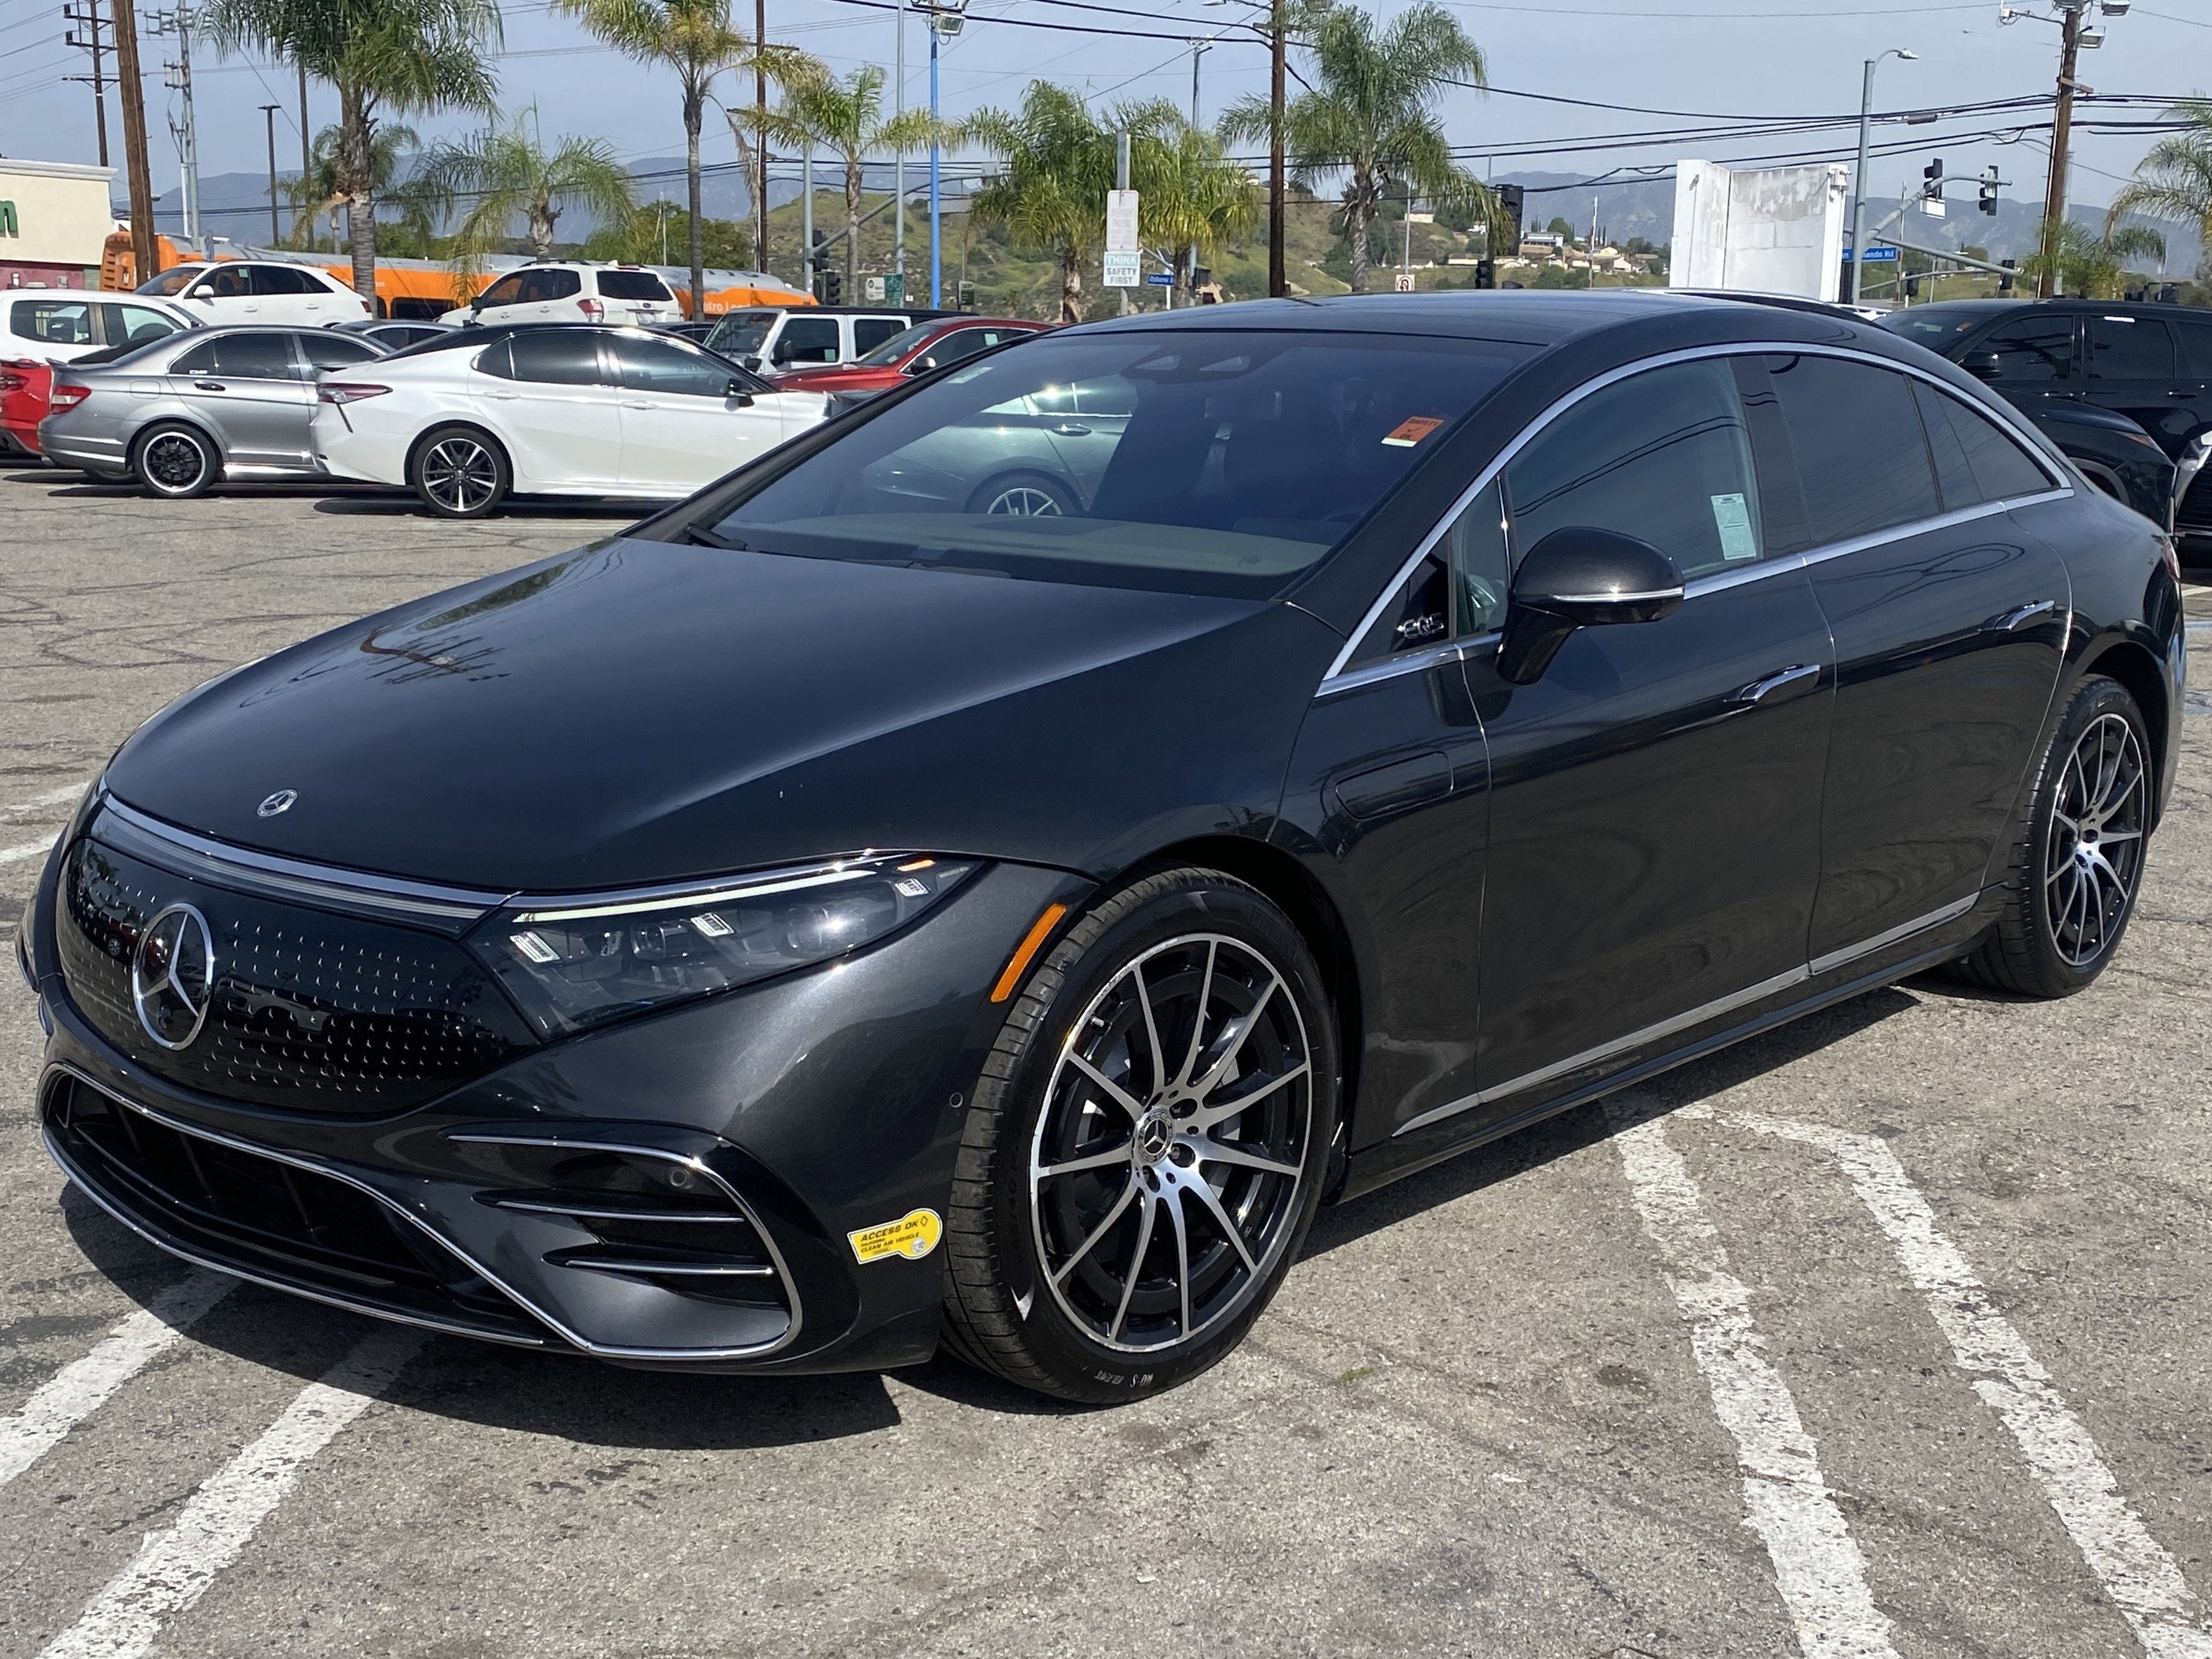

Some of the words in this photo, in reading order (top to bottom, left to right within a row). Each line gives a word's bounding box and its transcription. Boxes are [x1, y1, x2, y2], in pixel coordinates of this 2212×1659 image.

[1106, 255, 1137, 265] THINK
[1107, 267, 1137, 276] SAFETY
[860, 1225, 902, 1242] ACCESS
[904, 1219, 918, 1230] OK
[860, 1243, 882, 1253] CLEAN
:::
- _AIM OF THE EXERCISE_:
From the records given above, reproduce all text exactly and exclude each picture.

- _WRITTEN RESPONSE_:
Some of the words in this photo, in reading order (top to bottom, left to right within a row). Each line gives a word's bounding box and its transcription. Boxes are [x1, y1, x2, y2], in pixel coordinates of this 2212×1659 image.

[1106, 255, 1137, 265] THINK
[1107, 267, 1137, 276] SAFETY
[860, 1225, 902, 1242] ACCESS
[904, 1219, 918, 1230] OK
[860, 1243, 882, 1253] CLEAN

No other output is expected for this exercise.